== TASK INPUTS ==

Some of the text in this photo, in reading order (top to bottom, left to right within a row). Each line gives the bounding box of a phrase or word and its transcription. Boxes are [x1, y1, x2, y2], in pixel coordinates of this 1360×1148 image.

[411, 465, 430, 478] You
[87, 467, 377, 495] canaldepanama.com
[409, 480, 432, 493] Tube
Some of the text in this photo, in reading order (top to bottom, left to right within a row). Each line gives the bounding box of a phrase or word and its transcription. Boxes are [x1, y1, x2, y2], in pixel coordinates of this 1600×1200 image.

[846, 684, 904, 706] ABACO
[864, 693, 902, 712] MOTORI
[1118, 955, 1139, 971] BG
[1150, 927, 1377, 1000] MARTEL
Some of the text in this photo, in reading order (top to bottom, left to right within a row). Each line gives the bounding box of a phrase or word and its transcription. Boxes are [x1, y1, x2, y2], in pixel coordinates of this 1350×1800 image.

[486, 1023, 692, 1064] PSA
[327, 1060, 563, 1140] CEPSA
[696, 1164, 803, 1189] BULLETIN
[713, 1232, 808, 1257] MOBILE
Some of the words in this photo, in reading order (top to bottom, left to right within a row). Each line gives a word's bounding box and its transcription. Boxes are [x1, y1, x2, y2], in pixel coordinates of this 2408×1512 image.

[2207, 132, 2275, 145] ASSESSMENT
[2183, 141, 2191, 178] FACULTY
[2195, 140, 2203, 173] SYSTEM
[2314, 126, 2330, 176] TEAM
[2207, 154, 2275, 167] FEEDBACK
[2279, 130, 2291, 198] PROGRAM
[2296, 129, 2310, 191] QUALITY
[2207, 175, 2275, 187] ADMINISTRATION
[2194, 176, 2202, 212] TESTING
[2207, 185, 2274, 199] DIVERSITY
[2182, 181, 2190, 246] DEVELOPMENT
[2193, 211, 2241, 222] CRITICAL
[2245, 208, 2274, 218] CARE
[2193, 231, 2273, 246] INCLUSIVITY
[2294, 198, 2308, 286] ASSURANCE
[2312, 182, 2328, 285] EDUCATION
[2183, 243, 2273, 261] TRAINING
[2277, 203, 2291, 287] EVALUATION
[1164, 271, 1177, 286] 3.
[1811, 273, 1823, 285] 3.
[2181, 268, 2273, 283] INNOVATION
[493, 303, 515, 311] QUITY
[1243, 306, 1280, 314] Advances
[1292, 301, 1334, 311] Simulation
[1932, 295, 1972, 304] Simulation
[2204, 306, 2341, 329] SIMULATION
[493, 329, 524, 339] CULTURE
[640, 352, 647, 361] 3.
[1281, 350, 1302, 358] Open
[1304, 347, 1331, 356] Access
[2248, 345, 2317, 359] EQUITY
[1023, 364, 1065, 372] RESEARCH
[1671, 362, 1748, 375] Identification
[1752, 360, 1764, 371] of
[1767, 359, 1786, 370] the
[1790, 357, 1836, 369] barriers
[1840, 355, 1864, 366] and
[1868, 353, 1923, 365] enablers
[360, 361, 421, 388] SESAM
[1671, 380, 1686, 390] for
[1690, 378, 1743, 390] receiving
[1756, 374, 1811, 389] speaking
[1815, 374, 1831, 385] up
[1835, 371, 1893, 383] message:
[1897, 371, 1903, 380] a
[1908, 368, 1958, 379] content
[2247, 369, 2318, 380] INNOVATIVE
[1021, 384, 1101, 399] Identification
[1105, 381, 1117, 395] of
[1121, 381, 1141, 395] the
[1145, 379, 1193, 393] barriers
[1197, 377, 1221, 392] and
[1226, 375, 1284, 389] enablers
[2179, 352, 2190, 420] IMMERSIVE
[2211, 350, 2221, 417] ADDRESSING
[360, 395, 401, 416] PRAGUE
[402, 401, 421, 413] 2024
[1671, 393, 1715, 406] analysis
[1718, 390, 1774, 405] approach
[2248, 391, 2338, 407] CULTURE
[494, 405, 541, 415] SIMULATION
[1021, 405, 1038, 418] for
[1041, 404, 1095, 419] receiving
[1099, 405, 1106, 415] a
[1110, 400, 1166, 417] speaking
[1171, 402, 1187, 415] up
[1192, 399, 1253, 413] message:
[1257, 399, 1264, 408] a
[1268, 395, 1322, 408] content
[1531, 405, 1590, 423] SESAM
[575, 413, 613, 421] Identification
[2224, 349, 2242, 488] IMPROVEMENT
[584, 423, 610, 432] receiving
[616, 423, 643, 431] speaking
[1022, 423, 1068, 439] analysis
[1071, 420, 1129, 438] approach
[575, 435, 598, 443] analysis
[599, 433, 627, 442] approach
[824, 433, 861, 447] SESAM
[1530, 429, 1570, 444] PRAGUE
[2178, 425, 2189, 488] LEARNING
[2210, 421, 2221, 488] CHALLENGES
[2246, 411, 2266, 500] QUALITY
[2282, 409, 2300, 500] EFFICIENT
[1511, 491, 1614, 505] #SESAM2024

===

◆ TASK PROMPT ◆
Repeat each entry word for word.

◆ SOLUTION BELOW ◆
Some of the text in this photo, in reading order (top to bottom, left to right within a row). Each line gives the bounding box of a phrase or word and its transcription. Boxes are [x1, y1, x2, y2], in pixel coordinates of this 1360×1148 image.

[411, 465, 430, 478] You
[87, 467, 377, 495] canaldepanama.com
[409, 480, 432, 493] Tube
Some of the text in this photo, in reading order (top to bottom, left to right within a row). Each line gives the bounding box of a phrase or word and its transcription. Boxes are [x1, y1, x2, y2], in pixel coordinates of this 1600×1200 image.

[846, 684, 904, 706] ABACO
[864, 693, 902, 712] MOTORI
[1118, 955, 1139, 971] BG
[1150, 927, 1377, 1000] MARTEL
Some of the text in this photo, in reading order (top to bottom, left to right within a row). Each line gives the bounding box of a phrase or word and its transcription. Boxes are [x1, y1, x2, y2], in pixel coordinates of this 1350×1800 image.

[486, 1023, 692, 1064] PSA
[327, 1060, 563, 1140] CEPSA
[696, 1164, 803, 1189] BULLETIN
[713, 1232, 808, 1257] MOBILE
Some of the words in this photo, in reading order (top to bottom, left to right within a row). Each line gives a word's bounding box and its transcription. Boxes are [x1, y1, x2, y2], in pixel coordinates of this 2408×1512 image.

[2207, 132, 2275, 145] ASSESSMENT
[2183, 141, 2191, 178] FACULTY
[2195, 140, 2203, 173] SYSTEM
[2314, 126, 2330, 176] TEAM
[2207, 154, 2275, 167] FEEDBACK
[2279, 130, 2291, 198] PROGRAM
[2296, 129, 2310, 191] QUALITY
[2207, 175, 2275, 187] ADMINISTRATION
[2194, 176, 2202, 212] TESTING
[2207, 185, 2274, 199] DIVERSITY
[2182, 181, 2190, 246] DEVELOPMENT
[2193, 211, 2241, 222] CRITICAL
[2245, 208, 2274, 218] CARE
[2193, 231, 2273, 246] INCLUSIVITY
[2294, 198, 2308, 286] ASSURANCE
[2312, 182, 2328, 285] EDUCATION
[2183, 243, 2273, 261] TRAINING
[2277, 203, 2291, 287] EVALUATION
[1164, 271, 1177, 286] 3.
[1811, 273, 1823, 285] 3.
[2181, 268, 2273, 283] INNOVATION
[493, 303, 515, 311] QUITY
[1243, 306, 1280, 314] Advances
[1292, 301, 1334, 311] Simulation
[1932, 295, 1972, 304] Simulation
[2204, 306, 2341, 329] SIMULATION
[493, 329, 524, 339] CULTURE
[640, 352, 647, 361] 3.
[1281, 350, 1302, 358] Open
[1304, 347, 1331, 356] Access
[2248, 345, 2317, 359] EQUITY
[1023, 364, 1065, 372] RESEARCH
[1671, 362, 1748, 375] Identification
[1752, 360, 1764, 371] of
[1767, 359, 1786, 370] the
[1790, 357, 1836, 369] barriers
[1840, 355, 1864, 366] and
[1868, 353, 1923, 365] enablers
[360, 361, 421, 388] SESAM
[1671, 380, 1686, 390] for
[1690, 378, 1743, 390] receiving
[1756, 374, 1811, 389] speaking
[1815, 374, 1831, 385] up
[1835, 371, 1893, 383] message:
[1897, 371, 1903, 380] a
[1908, 368, 1958, 379] content
[2247, 369, 2318, 380] INNOVATIVE
[1021, 384, 1101, 399] Identification
[1105, 381, 1117, 395] of
[1121, 381, 1141, 395] the
[1145, 379, 1193, 393] barriers
[1197, 377, 1221, 392] and
[1226, 375, 1284, 389] enablers
[2179, 352, 2190, 420] IMMERSIVE
[2211, 350, 2221, 417] ADDRESSING
[360, 395, 401, 416] PRAGUE
[402, 401, 421, 413] 2024
[1671, 393, 1715, 406] analysis
[1718, 390, 1774, 405] approach
[2248, 391, 2338, 407] CULTURE
[494, 405, 541, 415] SIMULATION
[1021, 405, 1038, 418] for
[1041, 404, 1095, 419] receiving
[1099, 405, 1106, 415] a
[1110, 400, 1166, 417] speaking
[1171, 402, 1187, 415] up
[1192, 399, 1253, 413] message:
[1257, 399, 1264, 408] a
[1268, 395, 1322, 408] content
[1531, 405, 1590, 423] SESAM
[575, 413, 613, 421] Identification
[2224, 349, 2242, 488] IMPROVEMENT
[584, 423, 610, 432] receiving
[616, 423, 643, 431] speaking
[1022, 423, 1068, 439] analysis
[1071, 420, 1129, 438] approach
[575, 435, 598, 443] analysis
[599, 433, 627, 442] approach
[824, 433, 861, 447] SESAM
[1530, 429, 1570, 444] PRAGUE
[2178, 425, 2189, 488] LEARNING
[2210, 421, 2221, 488] CHALLENGES
[2246, 411, 2266, 500] QUALITY
[2282, 409, 2300, 500] EFFICIENT
[1511, 491, 1614, 505] #SESAM2024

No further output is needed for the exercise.